Ein hoher Sauerstoffgehalt im Wasser ist wichtig für das Überleben von Fischen und anderen Wasserorganismen. Sinkt der Wert unter 6 mg/l, so sind empfindliche Fische (z.B. Lachse oder Forellen)sowie ihre Brut dauerhaft bedroht. Der BSB5-Wert gibt Auskunft, wie viele sauerstoffzehrende Mikroorganismen (z.B. Bakterien) sich im Wasser befinden. Dazu wird neben dem gemessenen Sauerstoffwert an der Werre, eine verschlossene Probe 5 Tage lang bei ca. 8°C gelagert. Dann wird erneut gemessen und die Differenz zwischen den beiden Messungen errechnet. Ist dieser Wert hoch (4mg/l und mehr), so ist dies ein Hinweis auf viele Mikroorganismen und eine hohe organische Belastung.
4. Fotogalerie der letzten Untersuchungen
Die Groppe und das Bachneunauge sind Fische, die von den Schülern mehrfach gefangen wurden. Sie zählen zu den stark gefährdeten Arten und insbesondere die Groppe ist ein Anzeiger für die Gewässer-Güteklasse 1. Man findet die Groppe nur in klaren und sauerstoffreichen Bächen und Flüssen. Gefangenen Fische werden natürlich direkt vor Ort wieder im Gewässer freigelassen
Die Werre zeigt an einigen Untersuchungsstellen eine sehr gute Gewässerstruktur. So ist hier beispielsweise der dichte natürliche Pflanzenbewuchs im Uferbereich, der unterschiedlich strukturierte Gewässerboden und das sehr günstige Breite-Tiefe-Verhältnis als sehr positiv zu bewerten. Daher finden sich hier in der Regel zahlreiche Zeigerorganismen der Güteklasse II.

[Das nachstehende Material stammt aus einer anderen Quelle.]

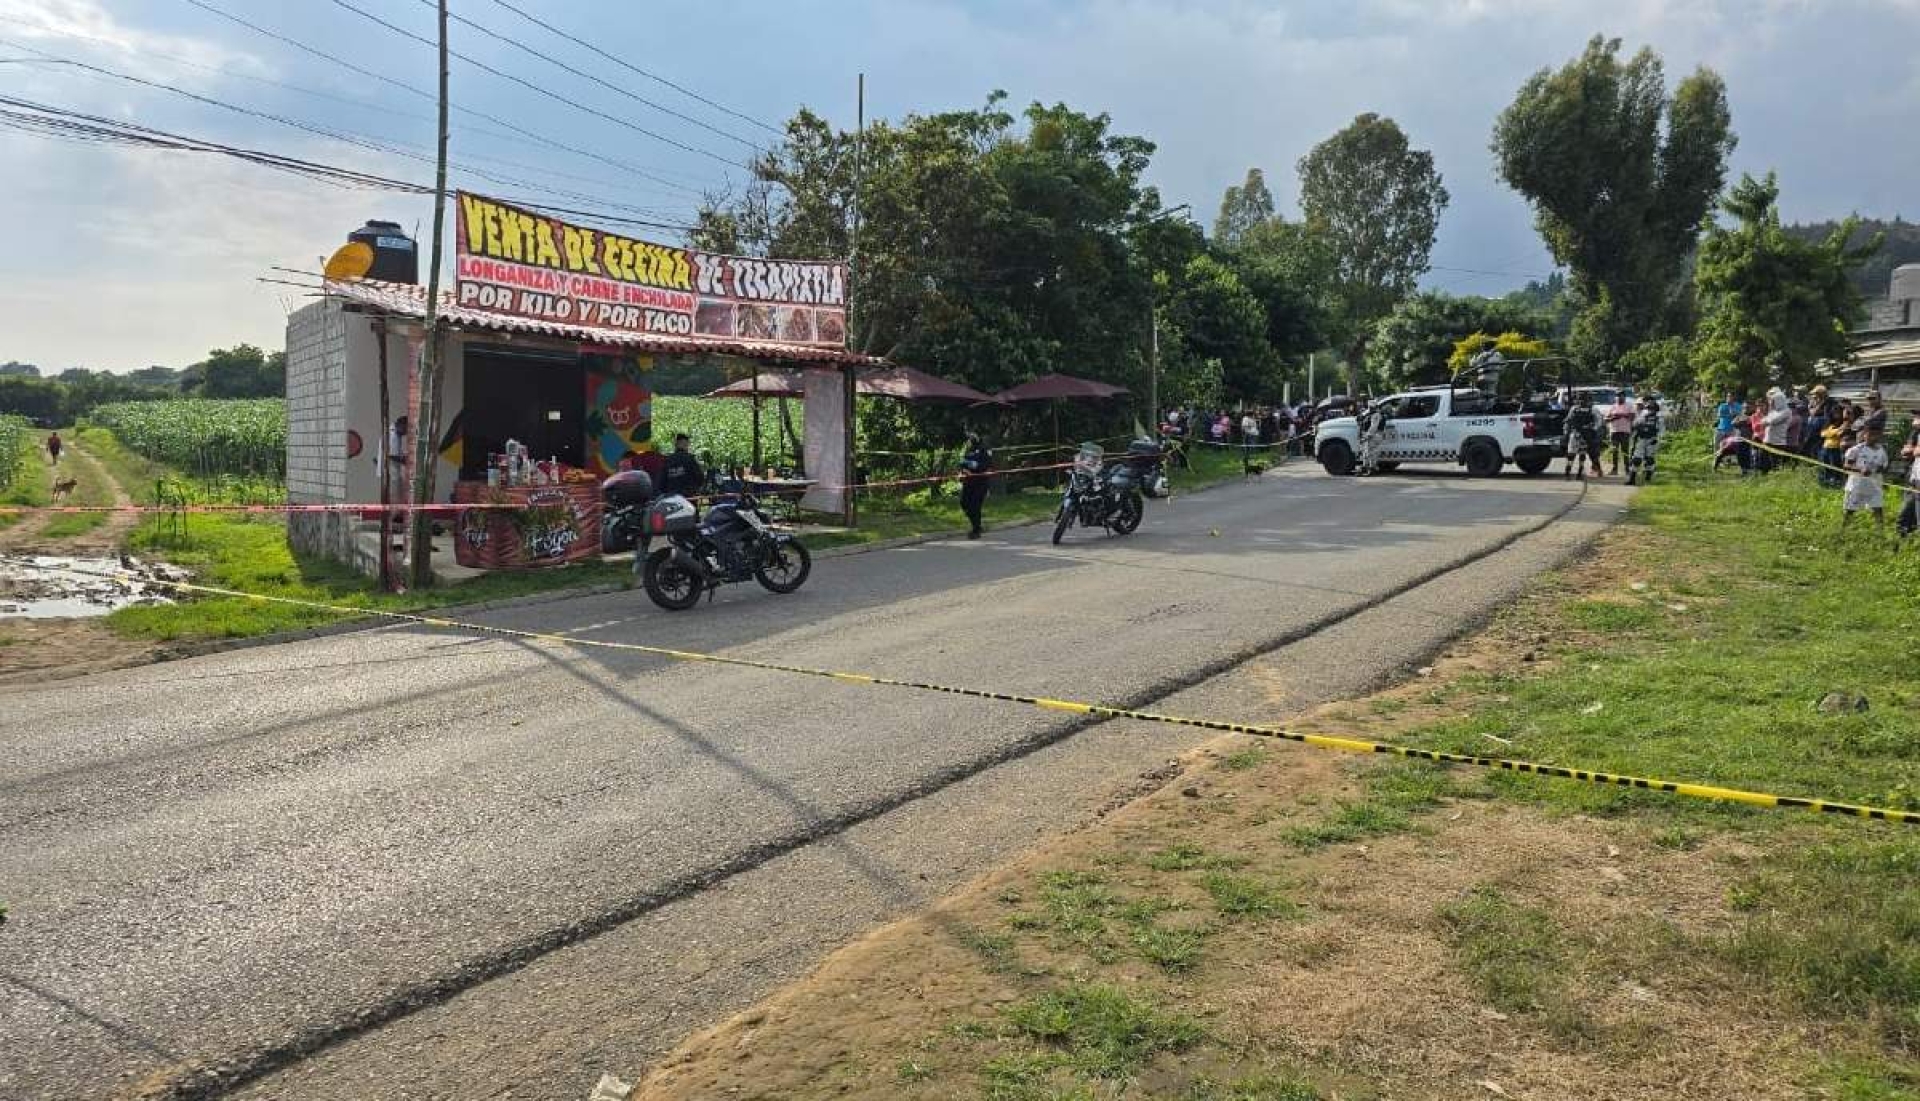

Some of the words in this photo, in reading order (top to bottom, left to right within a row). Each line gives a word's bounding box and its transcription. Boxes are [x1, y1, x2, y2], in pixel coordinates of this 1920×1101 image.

[462, 196, 561, 268] VENTA
[563, 226, 601, 275] DE
[603, 236, 692, 291] CECINA
[694, 254, 725, 295] DE
[460, 258, 555, 292] LONGANIZA
[557, 272, 569, 295] Y
[571, 277, 620, 301] CARNE
[624, 284, 693, 311] ENCHILADA
[460, 282, 513, 309] POR
[519, 292, 572, 318] KILO
[578, 300, 592, 321] Y
[597, 303, 640, 328] POR
[644, 309, 691, 333] TACO

Auch der Werre-Umfluter gehört zu den Probestellen. Er ist ebenfalls ein wichtiger Lebensraum, für Kleinlebewesen. Nach den Umbaumaßnahmen vor wenigen Jahren, fällt dieser künstliche Gewässerteil nun nicht mehr trocken. Damit ist er ganzjährig ein wichtiger Lebensraum für Wasserlebewesen. Um jedoch als Umgehungsroute für Wanderfische zu dienen (das Stauwehr an der Zuckerrübenfabrik bleibt für Wanderfische, wie den Lachs unüberwindlich), muss die Strömungsgeschwindigkeit im Mündungsbereich des Umfluters (Probestelle 4) erhöht werden.

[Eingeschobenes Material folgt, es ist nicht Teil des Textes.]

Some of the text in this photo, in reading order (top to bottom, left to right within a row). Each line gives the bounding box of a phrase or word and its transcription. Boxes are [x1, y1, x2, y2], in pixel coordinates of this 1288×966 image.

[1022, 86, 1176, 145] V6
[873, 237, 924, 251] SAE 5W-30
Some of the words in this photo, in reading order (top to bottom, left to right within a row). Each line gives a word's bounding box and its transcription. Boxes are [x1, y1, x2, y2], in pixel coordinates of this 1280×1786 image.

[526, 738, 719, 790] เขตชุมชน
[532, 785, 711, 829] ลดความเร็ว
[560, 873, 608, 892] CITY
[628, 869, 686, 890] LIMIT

Dieses Wehr staut das Werrewasser über mehrere hundert Meter auf. Es dient der Wasserentnahme für die Zuckerrübenabrik und ist für einige Fischarten ein unüberwindliches Hindernis.
Die am Wehr befindliche Fischtreppe ermöglicht kleineren Fischarten den Aufstieg in der Werre. Für große Fische, wie den Lachs, ist diese Anlage jedoch kaum geeignet.

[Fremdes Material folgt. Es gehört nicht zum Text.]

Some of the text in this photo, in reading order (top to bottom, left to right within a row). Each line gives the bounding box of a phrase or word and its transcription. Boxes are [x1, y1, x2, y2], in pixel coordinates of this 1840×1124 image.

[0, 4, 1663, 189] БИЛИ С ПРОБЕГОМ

Auch an Probestellen, die auf den ersten Blick wenig einladen wirken, werden oft viele verschiedene Zeigerorganismen gefunden, die eine relativ gute Gewässerqualität anzeigen.
Liegt die Probestelle im Rückstaubereich eines Wehres, so lassen sich viele negative Auswirkungen beobachten. Die größere Wassertiefe und die langsame Fließgeschwindigkeit wirkt sich negativ auf den Sauerstoffgehalt des Wassers aus. Außerdem ist an solchen Stellen der Gewässerboden weitgehend verschlammt. Die Zahl der positiven Zeigerorganismen nimmt drastisch ab.